Лопатин закончил сгибать пальцы. Слез с нар. Подошёл к печке, открыл дверцу, заглянул внутрь.
– Углей нет, – сказал он Тимохину.
– Сейчас.
Тимохин – рядовой, двадцать четыре года, Калуга, – сидел в углу за столом и писал письмо. Карандашом, мелко, на тетрадном листе. Писал он медленно, потому что слов знал не очень много, а нужно было сказать многое. Письма Тимохин писал жене и матери поочерёдно, через раз. На этой неделе – матери.
Он отложил карандаш, встал, вышел из землянки. Снаружи был слышен скрип снега – Тимохин пошёл за дровами, к штабелю под прикрытием скалы. Через несколько минут вернулся с охапкой, аккуратно сложил у печки, подложил пять полешков, прикрыл дверцу.
– Двадцать четыре, – сказал он, садясь обратно за стол. – Снаружи.
– Тёплый день, – сказал Лопатин.
– Тёплый.
Сёмин сел на нарах. Спустил ноги. Сапоги стояли у нар – оба свои, обмётанные снегом, который успел подтаять в землянке и теперь капал на пол. Сёмин надел их, зашнуровал. У Лопатина левый сапог был немецкий – он подобрал его в августе, когда нашли в овраге труп немецкого ефрейтора, у которого правый был сожжён, а левый цел. Лопатин снял, померил – подошёл по ноге. С тех пор так и ходил: правый русский, левый немецкий. По швам было видно, но в роте все привыкли.
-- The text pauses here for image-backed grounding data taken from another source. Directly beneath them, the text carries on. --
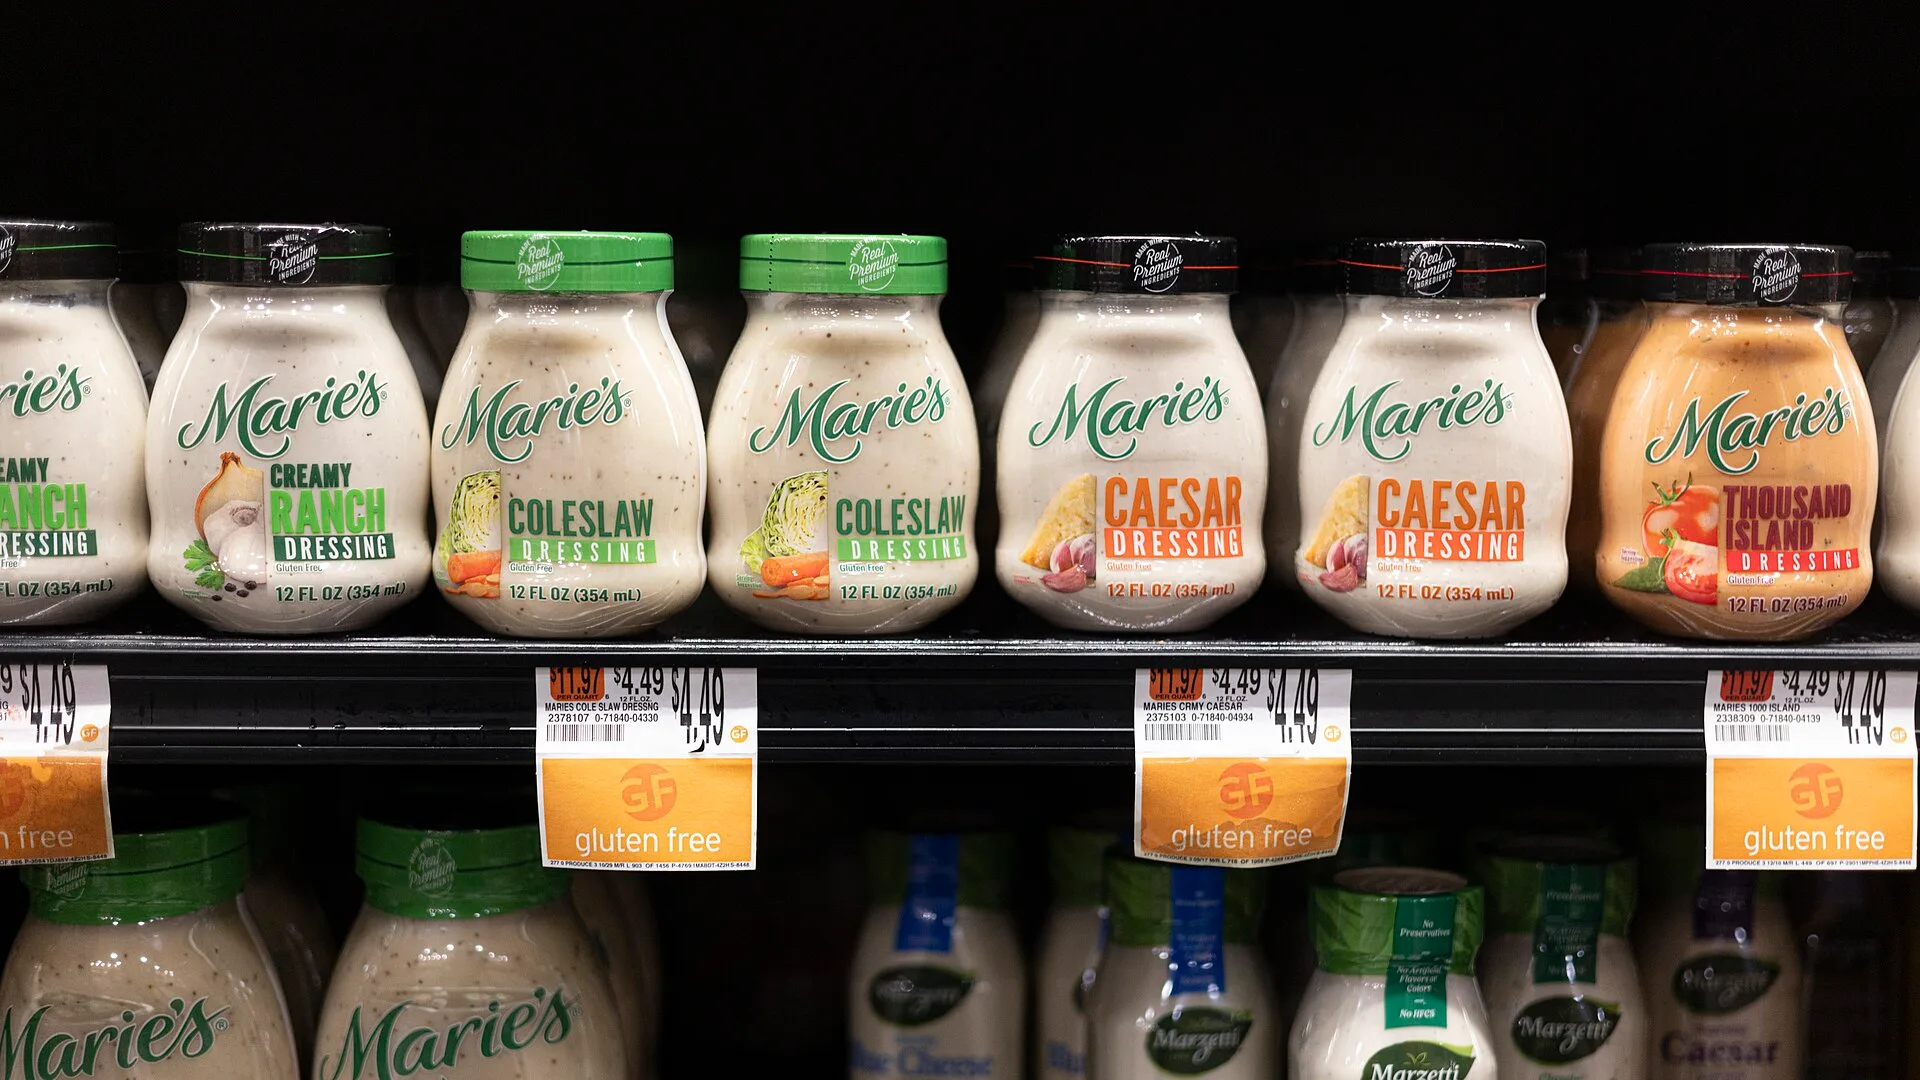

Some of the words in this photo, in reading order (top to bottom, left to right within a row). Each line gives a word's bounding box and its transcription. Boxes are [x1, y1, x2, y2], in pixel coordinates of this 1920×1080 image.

[528, 240, 551, 263] Real
[850, 239, 865, 257] MADE
[861, 240, 886, 264] Real
[1135, 242, 1149, 259] MADE
[1145, 243, 1171, 266] Real
[1418, 246, 1444, 268] Real
[269, 244, 319, 276] Premium
[278, 257, 317, 281] INGREDIENTS
[517, 251, 565, 280] Premium
[849, 252, 900, 281] Premium
[1133, 254, 1184, 282] Premium
[1406, 257, 1457, 285] Premium
[1753, 251, 1767, 270] MADE
[1763, 252, 1789, 276] Real
[524, 263, 562, 285] INGREDIENTS
[857, 264, 896, 286] INGREDIENTS
[1141, 266, 1180, 287] INGREDIENTS
[1413, 269, 1453, 290] INGREDIENTS
[1752, 262, 1802, 293] Premium
[1760, 275, 1799, 298] INGREDIENTS
[177, 369, 388, 458] Marie's
[441, 377, 634, 463] Marie's
[749, 376, 950, 463] Marie's
[1028, 376, 1231, 461] Marie's
[1313, 378, 1516, 462] Marie's
[1645, 387, 1851, 475] Marie's
[270, 463, 352, 488] CREAMY
[270, 488, 386, 534] RANCH
[1104, 476, 1242, 528] CAESAR
[1377, 478, 1526, 531] CAESAR
[1723, 483, 1852, 522] THOUSAND
[509, 498, 654, 538] COLESLAW
[836, 496, 967, 536] COLESLAW
[1113, 529, 1239, 557] DRESSING
[1384, 530, 1518, 560] DRESSING
[1726, 518, 1814, 551] ISLAND
[285, 535, 388, 560] DRESSING
[522, 539, 646, 562] DRESSING
[851, 537, 963, 559] DRESSING
[276, 563, 303, 573] Gluten
[510, 563, 534, 573] Gluten
[536, 563, 553, 573] Free
[839, 563, 865, 574] Gluten
[867, 563, 884, 573] Free
[1107, 561, 1133, 571] Gluten
[1377, 561, 1402, 573] Gluten
[1742, 551, 1854, 571] DRESSING
[18, 582, 40, 597] OZ
[44, 582, 80, 598] (354
[86, 579, 113, 593] mL)
[1107, 583, 1125, 597] 12
[1129, 583, 1147, 597] FL
[1151, 583, 1171, 597] OZ
[1175, 583, 1208, 599] (354
[1212, 581, 1235, 596] mL)
[1728, 574, 1754, 585] Gluten
[276, 586, 294, 602] 12
[299, 586, 318, 601] FL
[323, 586, 343, 601] OZ
[347, 584, 380, 601] (354
[384, 582, 406, 597] mL)
[510, 585, 525, 600] 12
[530, 585, 547, 600] FL
[551, 586, 570, 601] OZ
[574, 587, 609, 603] (354
[613, 588, 642, 603] mL)
[841, 586, 858, 599] 12
[862, 586, 879, 599] FL
[883, 586, 901, 599] OZ
[905, 585, 935, 601] (354
[937, 583, 957, 597] mL)
[1377, 584, 1394, 598] 12
[1399, 584, 1417, 598] FL
[1421, 585, 1442, 599] OZ
[1446, 585, 1481, 601] (354
[1487, 586, 1514, 601] mL)
[1728, 597, 1746, 612] 12
[1750, 597, 1767, 612] FL
[1772, 598, 1790, 612] OZ
[1793, 597, 1824, 612] (354
[1826, 594, 1847, 609] mL)
[20, 665, 75, 745] $4.49
[545, 702, 574, 711] MARIES
[576, 702, 597, 711] COLE
[598, 702, 620, 711] SLAW
[622, 702, 659, 711] DRESSNG
[614, 667, 664, 695] $4.49
[672, 668, 724, 746] $4.49
[1144, 702, 1176, 711] MARIES
[1179, 702, 1204, 711] CRMY
[1206, 702, 1242, 711] CAESAR
[1212, 668, 1261, 695] $4.49
[1267, 669, 1318, 745] $4.49
[1714, 703, 1747, 712] MARIES
[1749, 703, 1767, 712] 1000
[1769, 703, 1800, 712] ISLAND
[1782, 670, 1830, 696] $4.49
[1835, 671, 1886, 746] $4.49
[549, 713, 589, 722] 2378107
[595, 713, 658, 722] 0-71840-04330
[1146, 713, 1186, 722] 2375103
[1191, 713, 1253, 722] 0-71840-04934
[1716, 714, 1755, 723] 2338309
[1760, 714, 1820, 723] 0-71840-04139
[82, 727, 98, 738] GF
[732, 730, 746, 739] GF
[1219, 770, 1271, 811] GF
[1790, 772, 1841, 812] GF
[18, 825, 73, 849] free
[576, 826, 658, 857] gluten
[667, 826, 721, 852] free
[1172, 824, 1254, 851] gluten
[1263, 824, 1312, 848] free
[1744, 825, 1826, 856] gluten
[1835, 825, 1885, 850] free
[1400, 928, 1451, 938] Preservatives
[1423, 919, 1434, 928] No
[1400, 975, 1429, 983] Flavors
[1407, 984, 1432, 993] Colors
[1400, 1008, 1412, 1018] No
[1413, 1008, 1436, 1018] HFCS
[0, 996, 230, 1080] Marie's
[320, 987, 582, 1080] Marie's
[1517, 1016, 1612, 1055] Marzetti
[1153, 1027, 1241, 1066] Marzetti
– Касатонов где? – спросил Сёмин.
– На охранении со второго взвода. До восьми.
– Стрелял ночью?
– Один раз. Сказал – попал.
Сёмин кивнул. Касатонов всегда говорил «попал», когда стрелял ночью – но утром, если светало, было видно: попал. На счету у него за зиму было что-то под двадцать четыре, точнее никто не считал, и сам Касатонов не считал. Считал только убитых наверняка – то есть тех, чьи тела видел через прицел утром. Раненых не считал. Подранков, говорил, считают пьяницы.
В печке щёлкнуло. Тимохин подкинул ещё одно полено.
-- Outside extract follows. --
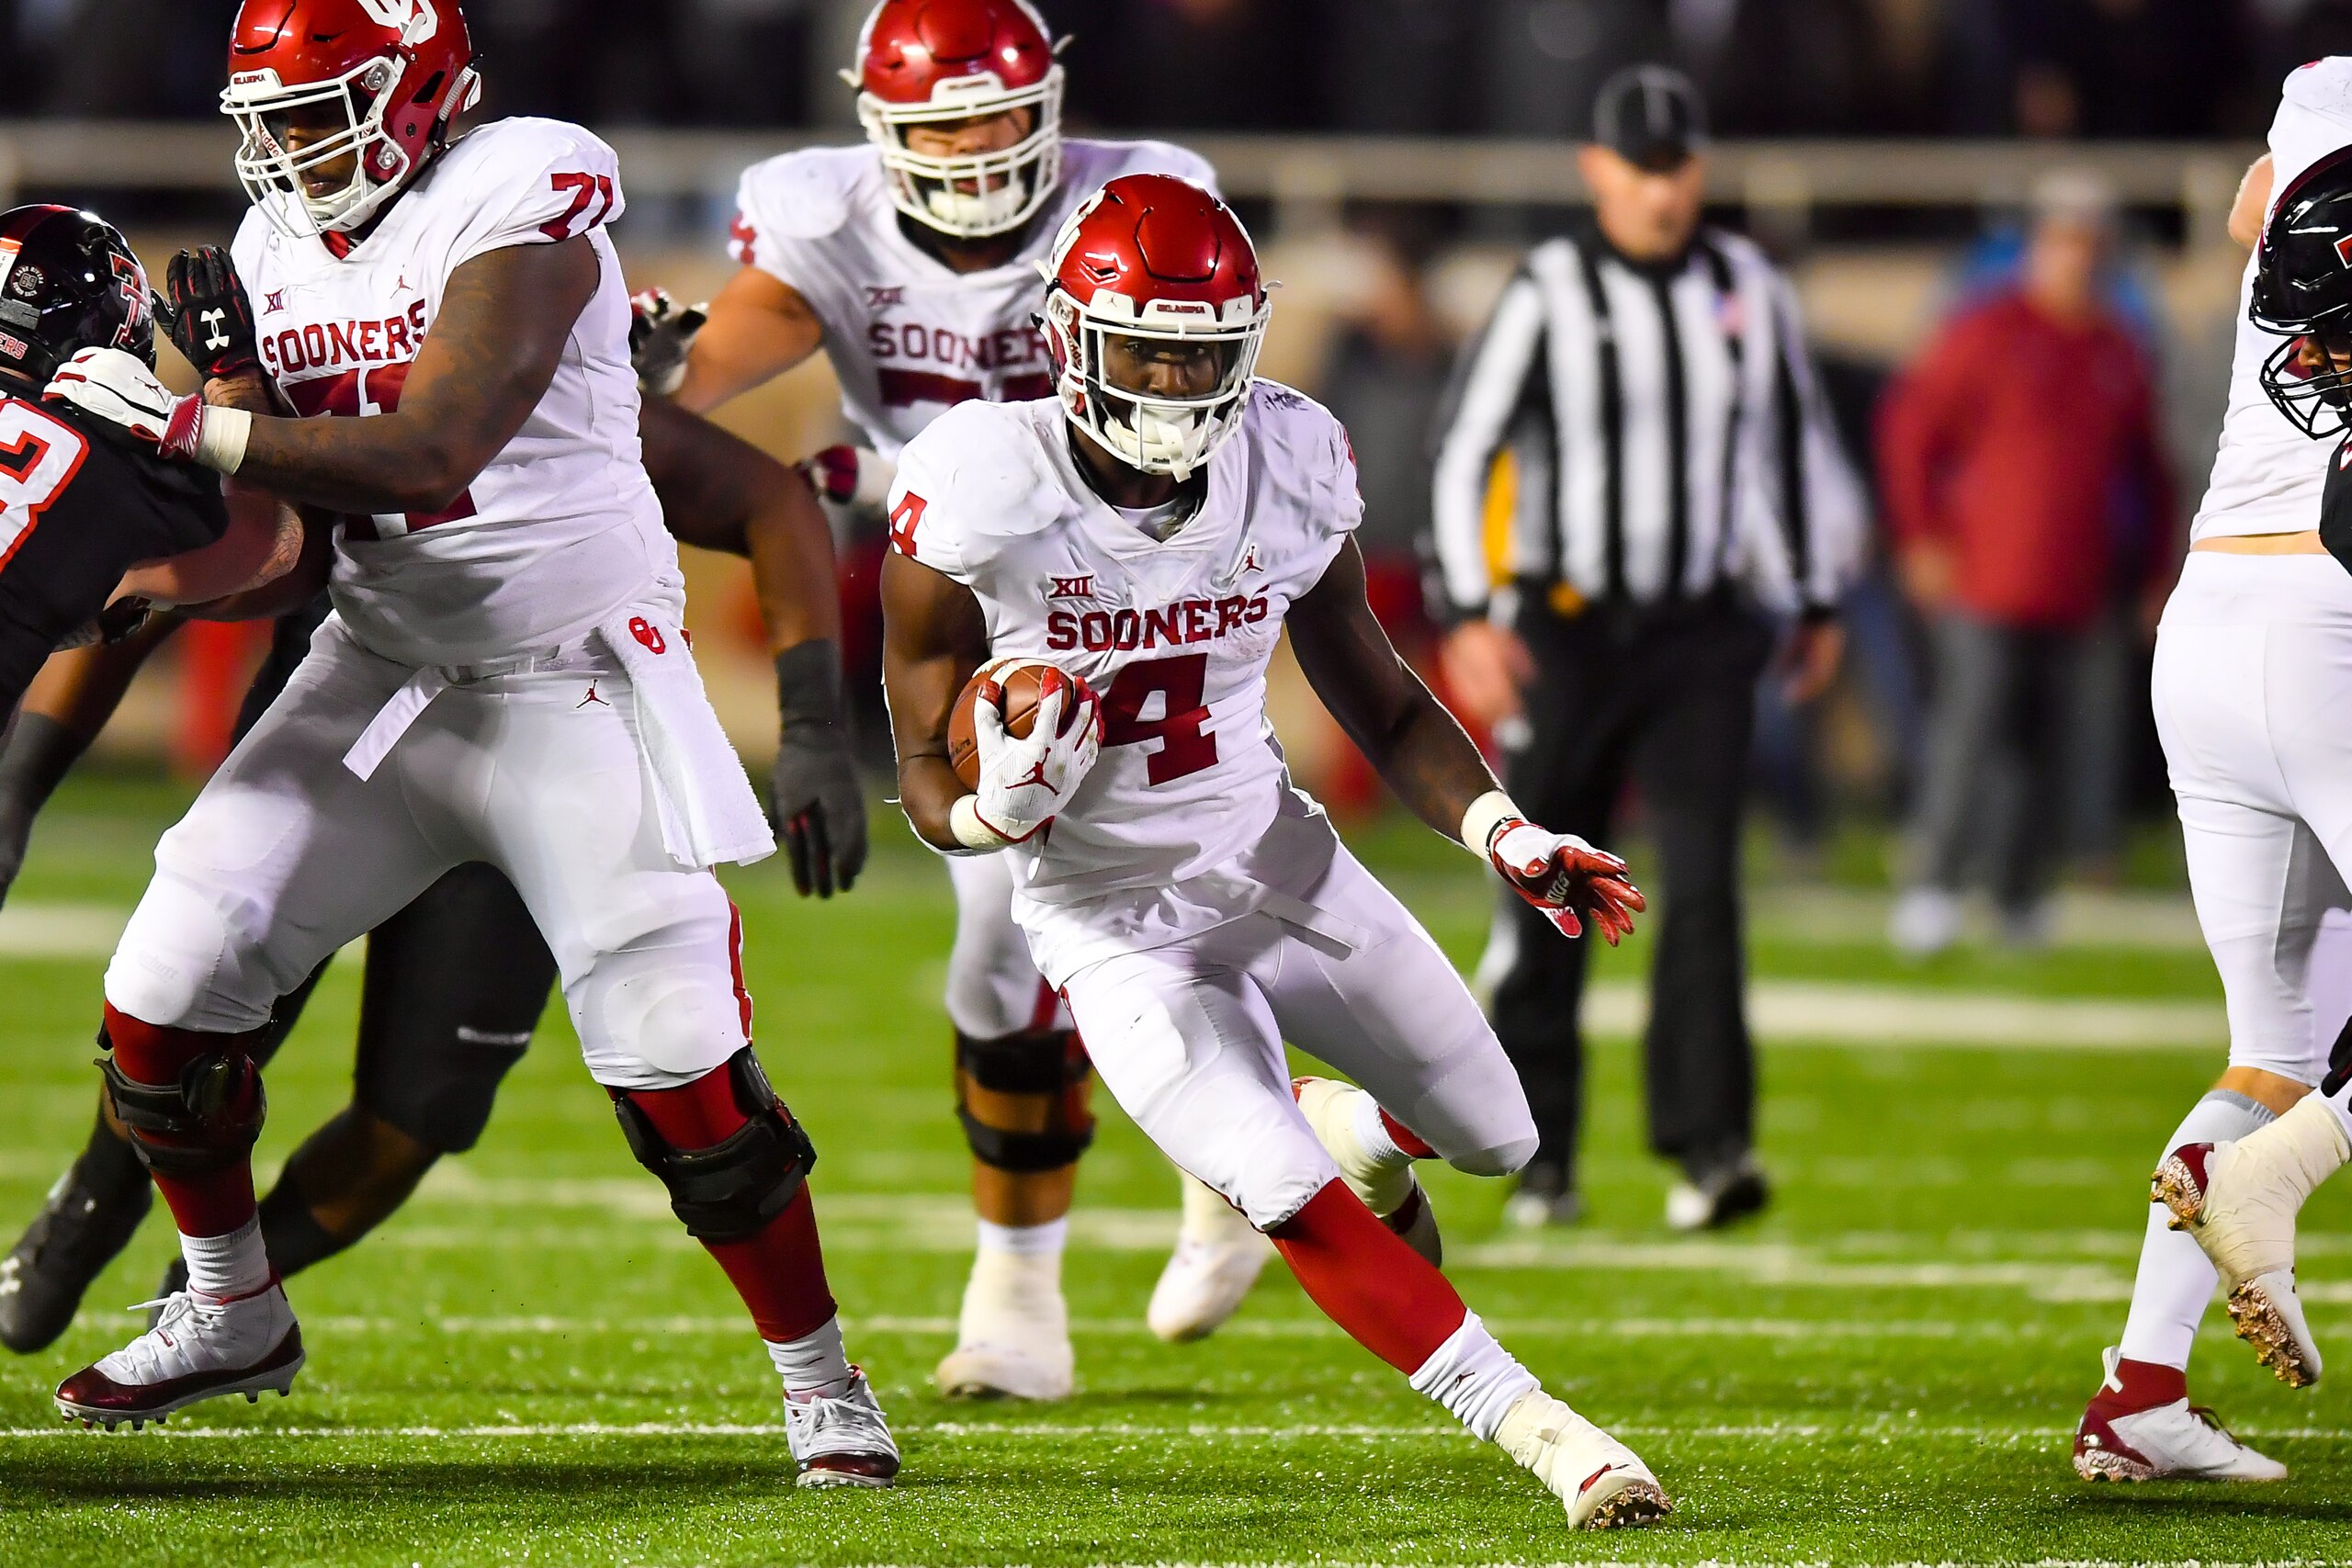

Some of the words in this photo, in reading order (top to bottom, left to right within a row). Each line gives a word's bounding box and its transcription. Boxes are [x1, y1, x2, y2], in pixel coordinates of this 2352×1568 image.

Краснова в роте не было с пятого января. Простуда взяла его перед самым Новым годом – командир упрямо считал, что у него и сорока нет, и до тридцать первого ещё ходил по позициям, – но в первых числах его свалило, и фельдшер Тоня Гордеева, осмотрев, сказала: «Воспаление лёгких. Не шутите, товарищ старший лейтенант.» Краснова отправили в санбат в Балашиху, потом в эвакогоспиталь в Смоленск. Из Смоленска уже две недели не было от него вестей.
Кто будет ротным – никто не знал до тринадцатого января. Тринадцатого, после обеда, в землянку пришёл лейтенант, незнакомый.
Лет двадцать. Очки в железной оправе, одна дужка примотана белой ниткой. Шинель чистая – видно, только со склада. Сапоги хромовые, не валенки. Голос ещё ломался иногда – не во всю силу, как у подростков, а в полтона, на отдельных словах.
– Лейтенант Ширяев, – сказал он, входя. – Назначен командиром первой роты с одиннадцатого января.
Лопатин встал. Сёмин встал. Тимохин встал, отложив карандаш.
– Здравствуйте, товарищ лейтенант, – сказал Лопатин. – Сержант Лопатин, командир второго отделения.
– Лопатин, – записал Ширяев в блокнот. – Так. Сколько человек во взводе?
– Двадцать три по списку. Восемнадцать в строю. Пятеро в санчасти – простуда, обморожения, один с ранением.
– Кто старший по званию во взводе сейчас?
– Я.
Ширяев кивнул. Открыл блокнот на чистой странице, записал что-то аккуратно. Сёмин видел сверху: «23/18. Лопатин Виктор Сергеевич, сержант, 2-е отд.» Почерк ученический, с нажимом.
– Где взводный?
– В санчасти. Воспаление, тоже.
– Кто заменяет?
– Я заменяю.
– Понял. – Ширяев убрал блокнот. – Хочу обойти позиции до темноты. Кто пойдёт со мной?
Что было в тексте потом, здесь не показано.